Extracted data entries
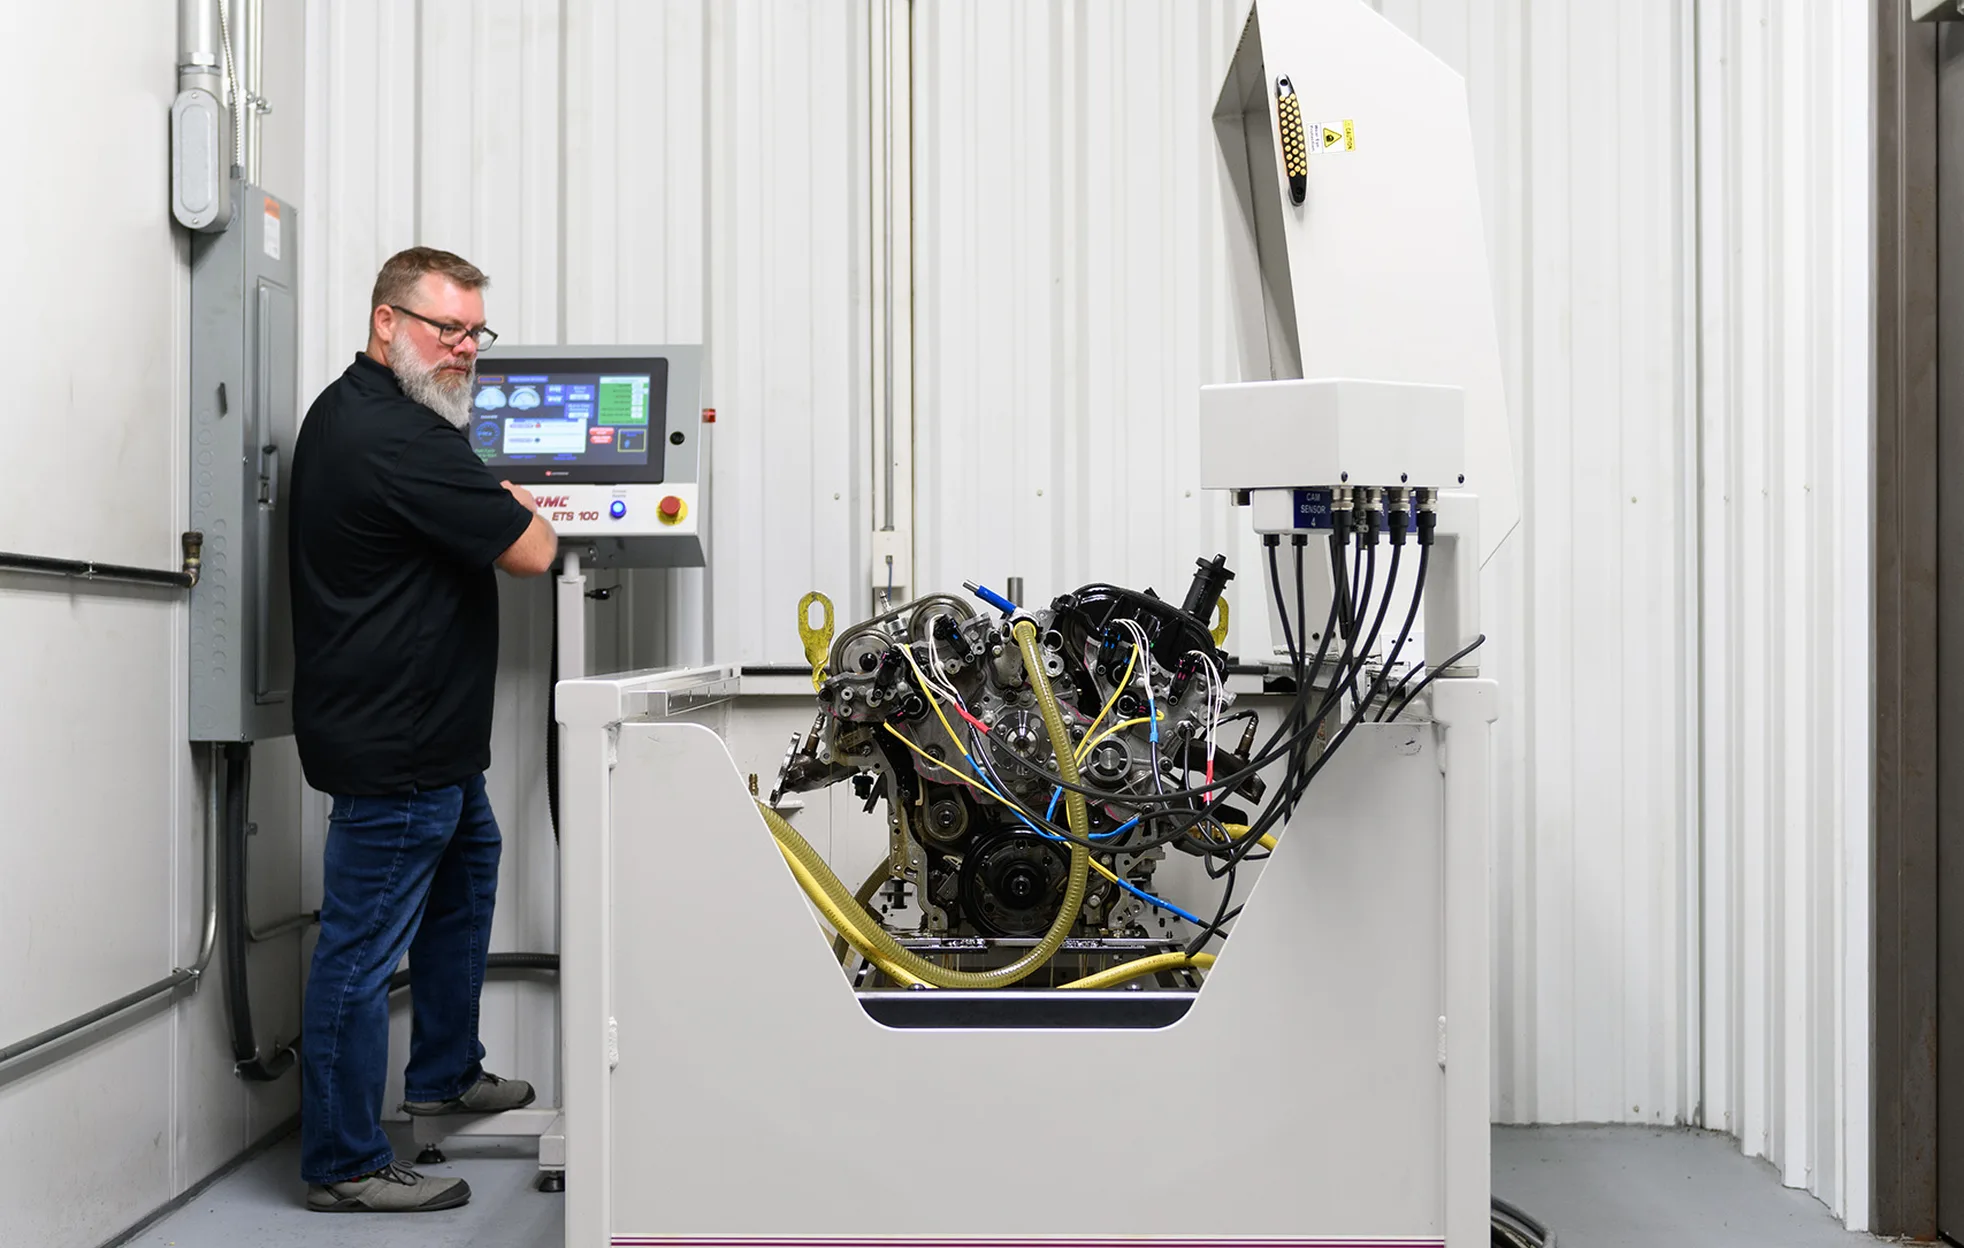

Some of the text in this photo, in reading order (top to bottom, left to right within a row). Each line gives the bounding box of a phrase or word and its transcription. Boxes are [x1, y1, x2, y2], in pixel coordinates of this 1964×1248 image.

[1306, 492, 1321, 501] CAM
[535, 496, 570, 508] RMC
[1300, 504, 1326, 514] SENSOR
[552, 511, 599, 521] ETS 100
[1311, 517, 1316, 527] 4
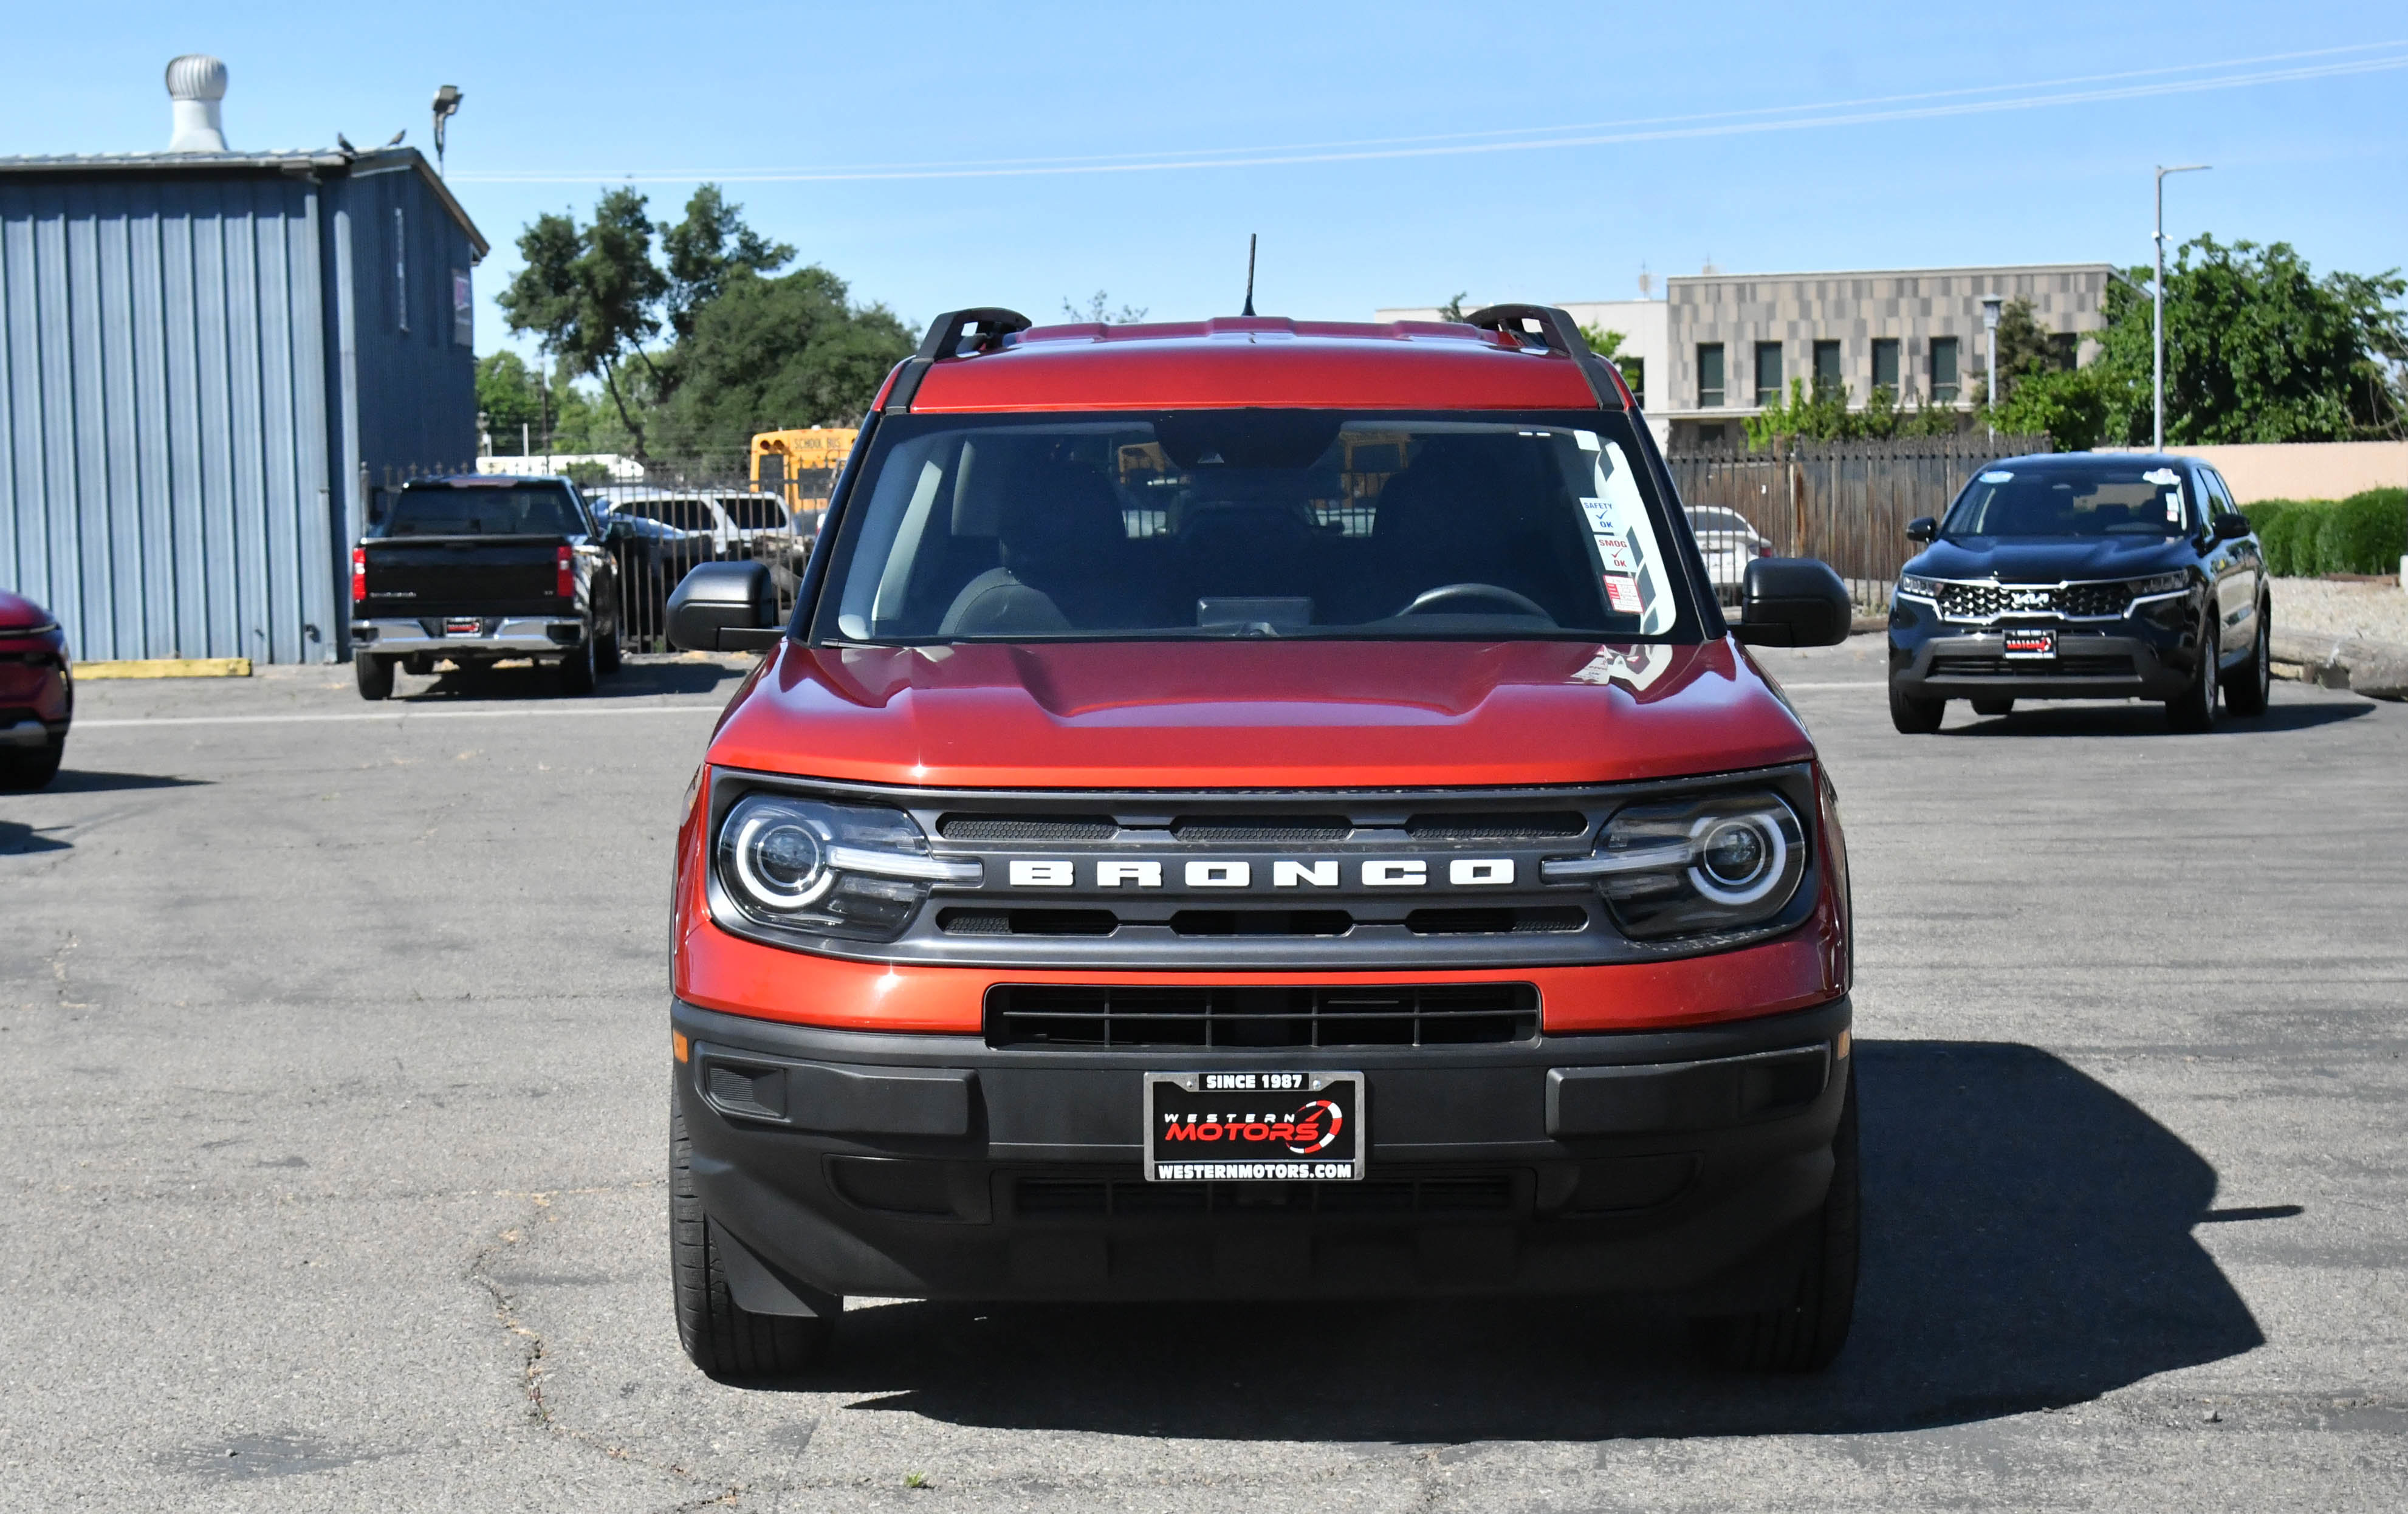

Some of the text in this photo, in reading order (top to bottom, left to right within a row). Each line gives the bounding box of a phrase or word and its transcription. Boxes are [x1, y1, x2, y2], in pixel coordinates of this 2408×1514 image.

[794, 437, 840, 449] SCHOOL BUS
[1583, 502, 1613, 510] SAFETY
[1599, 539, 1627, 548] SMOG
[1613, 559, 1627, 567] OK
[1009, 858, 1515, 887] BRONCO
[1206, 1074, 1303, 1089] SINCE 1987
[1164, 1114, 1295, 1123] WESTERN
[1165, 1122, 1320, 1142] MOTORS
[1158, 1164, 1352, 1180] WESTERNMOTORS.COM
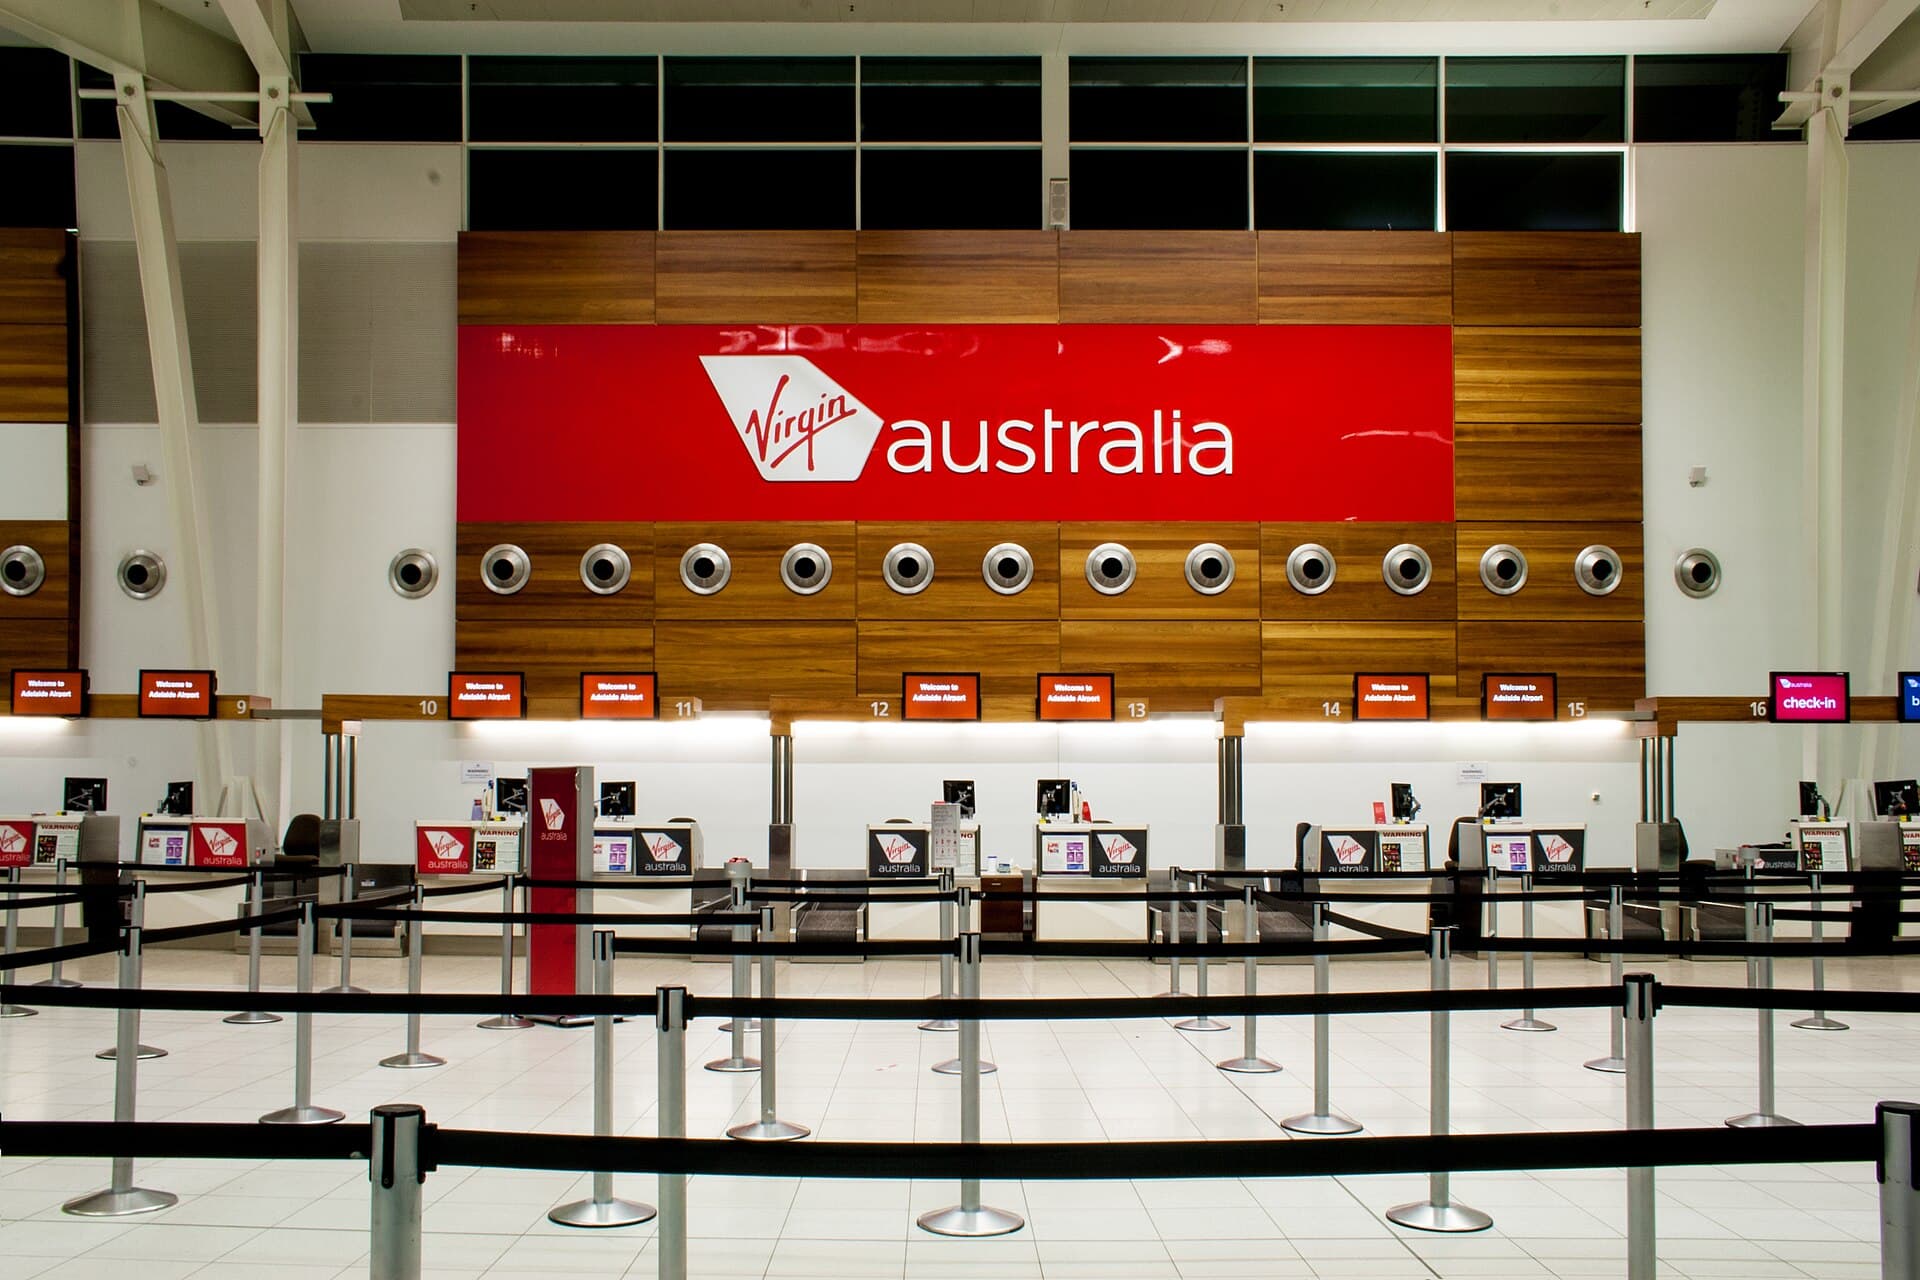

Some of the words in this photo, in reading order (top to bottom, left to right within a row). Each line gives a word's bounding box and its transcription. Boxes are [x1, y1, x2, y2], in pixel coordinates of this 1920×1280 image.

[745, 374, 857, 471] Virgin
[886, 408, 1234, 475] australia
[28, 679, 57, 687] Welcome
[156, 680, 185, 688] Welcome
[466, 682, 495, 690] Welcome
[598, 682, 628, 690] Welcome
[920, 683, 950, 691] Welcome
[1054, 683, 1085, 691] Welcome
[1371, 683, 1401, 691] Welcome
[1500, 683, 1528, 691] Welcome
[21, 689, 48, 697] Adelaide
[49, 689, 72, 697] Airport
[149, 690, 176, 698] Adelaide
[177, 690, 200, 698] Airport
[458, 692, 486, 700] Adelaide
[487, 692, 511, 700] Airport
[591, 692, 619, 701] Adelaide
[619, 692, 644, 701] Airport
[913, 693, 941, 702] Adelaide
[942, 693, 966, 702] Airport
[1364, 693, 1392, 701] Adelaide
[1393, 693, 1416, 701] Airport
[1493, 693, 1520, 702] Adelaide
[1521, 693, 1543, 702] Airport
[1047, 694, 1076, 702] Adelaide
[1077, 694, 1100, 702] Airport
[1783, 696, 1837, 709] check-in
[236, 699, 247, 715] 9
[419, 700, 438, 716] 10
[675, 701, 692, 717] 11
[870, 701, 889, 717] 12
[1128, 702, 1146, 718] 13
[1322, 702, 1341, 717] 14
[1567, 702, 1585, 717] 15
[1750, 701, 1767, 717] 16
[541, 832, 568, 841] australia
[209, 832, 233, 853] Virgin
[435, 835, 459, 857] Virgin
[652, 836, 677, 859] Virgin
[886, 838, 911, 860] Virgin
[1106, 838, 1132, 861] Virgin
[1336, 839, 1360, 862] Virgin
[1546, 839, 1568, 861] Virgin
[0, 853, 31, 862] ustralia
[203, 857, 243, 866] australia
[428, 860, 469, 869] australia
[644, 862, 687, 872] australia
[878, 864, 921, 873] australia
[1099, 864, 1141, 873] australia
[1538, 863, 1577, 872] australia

**WHAT TO PRODUCE**
Transcribe each record above exactly, leaving every picture out of the copy.

**THE ANSWER**
Some of the text in this photo, in reading order (top to bottom, left to right within a row). Each line gives the bounding box of a phrase or word and its transcription. Boxes are [x1, y1, x2, y2], in pixel coordinates of this 1964×1248 image.

[1306, 492, 1321, 501] CAM
[535, 496, 570, 508] RMC
[1300, 504, 1326, 514] SENSOR
[552, 511, 599, 521] ETS 100
[1311, 517, 1316, 527] 4

Some of the text in this photo, in reading order (top to bottom, left to right within a row). Each line gives the bounding box of a phrase or word and its transcription. Boxes are [x1, y1, x2, y2], in pixel coordinates of this 2408×1514 image.

[794, 437, 840, 449] SCHOOL BUS
[1583, 502, 1613, 510] SAFETY
[1599, 539, 1627, 548] SMOG
[1613, 559, 1627, 567] OK
[1009, 858, 1515, 887] BRONCO
[1206, 1074, 1303, 1089] SINCE 1987
[1164, 1114, 1295, 1123] WESTERN
[1165, 1122, 1320, 1142] MOTORS
[1158, 1164, 1352, 1180] WESTERNMOTORS.COM

Some of the words in this photo, in reading order (top to bottom, left to right within a row). Each line gives a word's bounding box and its transcription. Boxes are [x1, y1, x2, y2], in pixel coordinates of this 1920×1280 image.

[745, 374, 857, 471] Virgin
[886, 408, 1234, 475] australia
[28, 679, 57, 687] Welcome
[156, 680, 185, 688] Welcome
[466, 682, 495, 690] Welcome
[598, 682, 628, 690] Welcome
[920, 683, 950, 691] Welcome
[1054, 683, 1085, 691] Welcome
[1371, 683, 1401, 691] Welcome
[1500, 683, 1528, 691] Welcome
[21, 689, 48, 697] Adelaide
[49, 689, 72, 697] Airport
[149, 690, 176, 698] Adelaide
[177, 690, 200, 698] Airport
[458, 692, 486, 700] Adelaide
[487, 692, 511, 700] Airport
[591, 692, 619, 701] Adelaide
[619, 692, 644, 701] Airport
[913, 693, 941, 702] Adelaide
[942, 693, 966, 702] Airport
[1364, 693, 1392, 701] Adelaide
[1393, 693, 1416, 701] Airport
[1493, 693, 1520, 702] Adelaide
[1521, 693, 1543, 702] Airport
[1047, 694, 1076, 702] Adelaide
[1077, 694, 1100, 702] Airport
[1783, 696, 1837, 709] check-in
[236, 699, 247, 715] 9
[419, 700, 438, 716] 10
[675, 701, 692, 717] 11
[870, 701, 889, 717] 12
[1128, 702, 1146, 718] 13
[1322, 702, 1341, 717] 14
[1567, 702, 1585, 717] 15
[1750, 701, 1767, 717] 16
[541, 832, 568, 841] australia
[209, 832, 233, 853] Virgin
[435, 835, 459, 857] Virgin
[652, 836, 677, 859] Virgin
[886, 838, 911, 860] Virgin
[1106, 838, 1132, 861] Virgin
[1336, 839, 1360, 862] Virgin
[1546, 839, 1568, 861] Virgin
[0, 853, 31, 862] ustralia
[203, 857, 243, 866] australia
[428, 860, 469, 869] australia
[644, 862, 687, 872] australia
[878, 864, 921, 873] australia
[1099, 864, 1141, 873] australia
[1538, 863, 1577, 872] australia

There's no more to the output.